» **Entries provided**:
________
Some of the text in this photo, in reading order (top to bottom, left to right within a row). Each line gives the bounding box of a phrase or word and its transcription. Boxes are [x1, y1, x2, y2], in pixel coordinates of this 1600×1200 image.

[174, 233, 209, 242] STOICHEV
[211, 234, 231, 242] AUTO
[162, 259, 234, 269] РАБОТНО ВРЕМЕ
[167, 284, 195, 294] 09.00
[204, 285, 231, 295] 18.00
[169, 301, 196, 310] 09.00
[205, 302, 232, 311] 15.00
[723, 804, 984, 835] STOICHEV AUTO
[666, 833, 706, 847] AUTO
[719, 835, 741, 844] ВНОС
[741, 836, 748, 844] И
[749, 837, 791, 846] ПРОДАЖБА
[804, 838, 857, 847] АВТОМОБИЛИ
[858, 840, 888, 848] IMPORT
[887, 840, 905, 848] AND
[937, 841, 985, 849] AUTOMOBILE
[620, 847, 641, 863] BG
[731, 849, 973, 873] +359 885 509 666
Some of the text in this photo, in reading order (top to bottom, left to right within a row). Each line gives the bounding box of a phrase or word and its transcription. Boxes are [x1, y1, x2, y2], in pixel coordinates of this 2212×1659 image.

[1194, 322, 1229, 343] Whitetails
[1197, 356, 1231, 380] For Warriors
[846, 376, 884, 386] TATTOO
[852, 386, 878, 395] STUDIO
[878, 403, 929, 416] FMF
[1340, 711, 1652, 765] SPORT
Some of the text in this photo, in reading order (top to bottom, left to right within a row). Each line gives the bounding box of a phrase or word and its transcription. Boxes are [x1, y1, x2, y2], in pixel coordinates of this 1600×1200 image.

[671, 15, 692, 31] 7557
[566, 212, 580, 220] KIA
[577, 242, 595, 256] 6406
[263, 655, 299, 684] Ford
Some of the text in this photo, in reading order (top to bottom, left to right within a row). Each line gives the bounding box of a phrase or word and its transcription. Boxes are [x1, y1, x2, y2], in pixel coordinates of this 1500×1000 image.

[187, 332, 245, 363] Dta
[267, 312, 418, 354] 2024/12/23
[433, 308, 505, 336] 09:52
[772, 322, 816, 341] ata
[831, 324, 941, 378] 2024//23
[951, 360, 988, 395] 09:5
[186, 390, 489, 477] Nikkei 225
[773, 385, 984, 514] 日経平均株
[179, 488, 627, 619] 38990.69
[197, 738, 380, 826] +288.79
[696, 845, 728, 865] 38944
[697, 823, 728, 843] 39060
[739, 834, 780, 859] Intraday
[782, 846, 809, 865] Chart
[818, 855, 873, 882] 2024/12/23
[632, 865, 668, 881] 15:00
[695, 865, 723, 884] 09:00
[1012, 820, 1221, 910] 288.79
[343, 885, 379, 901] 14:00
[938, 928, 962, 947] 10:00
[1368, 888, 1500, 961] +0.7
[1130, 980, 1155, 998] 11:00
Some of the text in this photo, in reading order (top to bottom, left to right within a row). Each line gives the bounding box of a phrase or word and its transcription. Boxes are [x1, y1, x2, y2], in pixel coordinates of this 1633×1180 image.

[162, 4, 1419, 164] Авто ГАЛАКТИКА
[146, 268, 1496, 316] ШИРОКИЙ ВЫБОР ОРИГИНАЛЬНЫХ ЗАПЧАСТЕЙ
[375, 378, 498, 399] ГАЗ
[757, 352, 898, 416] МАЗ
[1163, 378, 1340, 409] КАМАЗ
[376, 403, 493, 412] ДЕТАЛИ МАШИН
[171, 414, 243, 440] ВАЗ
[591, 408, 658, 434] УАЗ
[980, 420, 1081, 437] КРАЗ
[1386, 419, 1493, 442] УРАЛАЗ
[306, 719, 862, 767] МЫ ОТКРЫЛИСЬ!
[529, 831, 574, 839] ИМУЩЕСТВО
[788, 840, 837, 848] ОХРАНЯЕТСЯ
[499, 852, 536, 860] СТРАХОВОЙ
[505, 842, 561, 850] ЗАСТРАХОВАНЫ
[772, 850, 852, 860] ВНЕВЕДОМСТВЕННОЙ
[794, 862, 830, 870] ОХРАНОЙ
________
Exact copies of all the entries above should be returned.

Some of the text in this photo, in reading order (top to bottom, left to right within a row). Each line gives the bounding box of a phrase or word and its transcription. Boxes are [x1, y1, x2, y2], in pixel coordinates of this 1600×1200 image.

[174, 233, 209, 242] STOICHEV
[211, 234, 231, 242] AUTO
[162, 259, 234, 269] РАБОТНО ВРЕМЕ
[167, 284, 195, 294] 09.00
[204, 285, 231, 295] 18.00
[169, 301, 196, 310] 09.00
[205, 302, 232, 311] 15.00
[723, 804, 984, 835] STOICHEV AUTO
[666, 833, 706, 847] AUTO
[719, 835, 741, 844] ВНОС
[741, 836, 748, 844] И
[749, 837, 791, 846] ПРОДАЖБА
[804, 838, 857, 847] АВТОМОБИЛИ
[858, 840, 888, 848] IMPORT
[887, 840, 905, 848] AND
[937, 841, 985, 849] AUTOMOBILE
[620, 847, 641, 863] BG
[731, 849, 973, 873] +359 885 509 666
Some of the text in this photo, in reading order (top to bottom, left to right within a row). Each line gives the bounding box of a phrase or word and its transcription. Boxes are [x1, y1, x2, y2], in pixel coordinates of this 2212×1659 image.

[1194, 322, 1229, 343] Whitetails
[1197, 356, 1231, 380] For Warriors
[846, 376, 884, 386] TATTOO
[852, 386, 878, 395] STUDIO
[878, 403, 929, 416] FMF
[1340, 711, 1652, 765] SPORT
Some of the text in this photo, in reading order (top to bottom, left to right within a row). Each line gives the bounding box of a phrase or word and its transcription. Boxes are [x1, y1, x2, y2], in pixel coordinates of this 1600×1200 image.

[671, 15, 692, 31] 7557
[566, 212, 580, 220] KIA
[577, 242, 595, 256] 6406
[263, 655, 299, 684] Ford
Some of the text in this photo, in reading order (top to bottom, left to right within a row). Each line gives the bounding box of a phrase or word and its transcription. Boxes are [x1, y1, x2, y2], in pixel coordinates of this 1500×1000 image.

[187, 332, 245, 363] Dta
[267, 312, 418, 354] 2024/12/23
[433, 308, 505, 336] 09:52
[772, 322, 816, 341] ata
[831, 324, 941, 378] 2024//23
[951, 360, 988, 395] 09:5
[186, 390, 489, 477] Nikkei 225
[773, 385, 984, 514] 日経平均株
[179, 488, 627, 619] 38990.69
[197, 738, 380, 826] +288.79
[696, 845, 728, 865] 38944
[697, 823, 728, 843] 39060
[739, 834, 780, 859] Intraday
[782, 846, 809, 865] Chart
[818, 855, 873, 882] 2024/12/23
[632, 865, 668, 881] 15:00
[695, 865, 723, 884] 09:00
[1012, 820, 1221, 910] 288.79
[343, 885, 379, 901] 14:00
[938, 928, 962, 947] 10:00
[1368, 888, 1500, 961] +0.7
[1130, 980, 1155, 998] 11:00
Some of the text in this photo, in reading order (top to bottom, left to right within a row). Each line gives the bounding box of a phrase or word and its transcription. Boxes are [x1, y1, x2, y2], in pixel coordinates of this 1633×1180 image.

[162, 4, 1419, 164] Авто ГАЛАКТИКА
[146, 268, 1496, 316] ШИРОКИЙ ВЫБОР ОРИГИНАЛЬНЫХ ЗАПЧАСТЕЙ
[375, 378, 498, 399] ГАЗ
[757, 352, 898, 416] МАЗ
[1163, 378, 1340, 409] КАМАЗ
[376, 403, 493, 412] ДЕТАЛИ МАШИН
[171, 414, 243, 440] ВАЗ
[591, 408, 658, 434] УАЗ
[980, 420, 1081, 437] КРАЗ
[1386, 419, 1493, 442] УРАЛАЗ
[306, 719, 862, 767] МЫ ОТКРЫЛИСЬ!
[529, 831, 574, 839] ИМУЩЕСТВО
[788, 840, 837, 848] ОХРАНЯЕТСЯ
[499, 852, 536, 860] СТРАХОВОЙ
[505, 842, 561, 850] ЗАСТРАХОВАНЫ
[772, 850, 852, 860] ВНЕВЕДОМСТВЕННОЙ
[794, 862, 830, 870] ОХРАНОЙ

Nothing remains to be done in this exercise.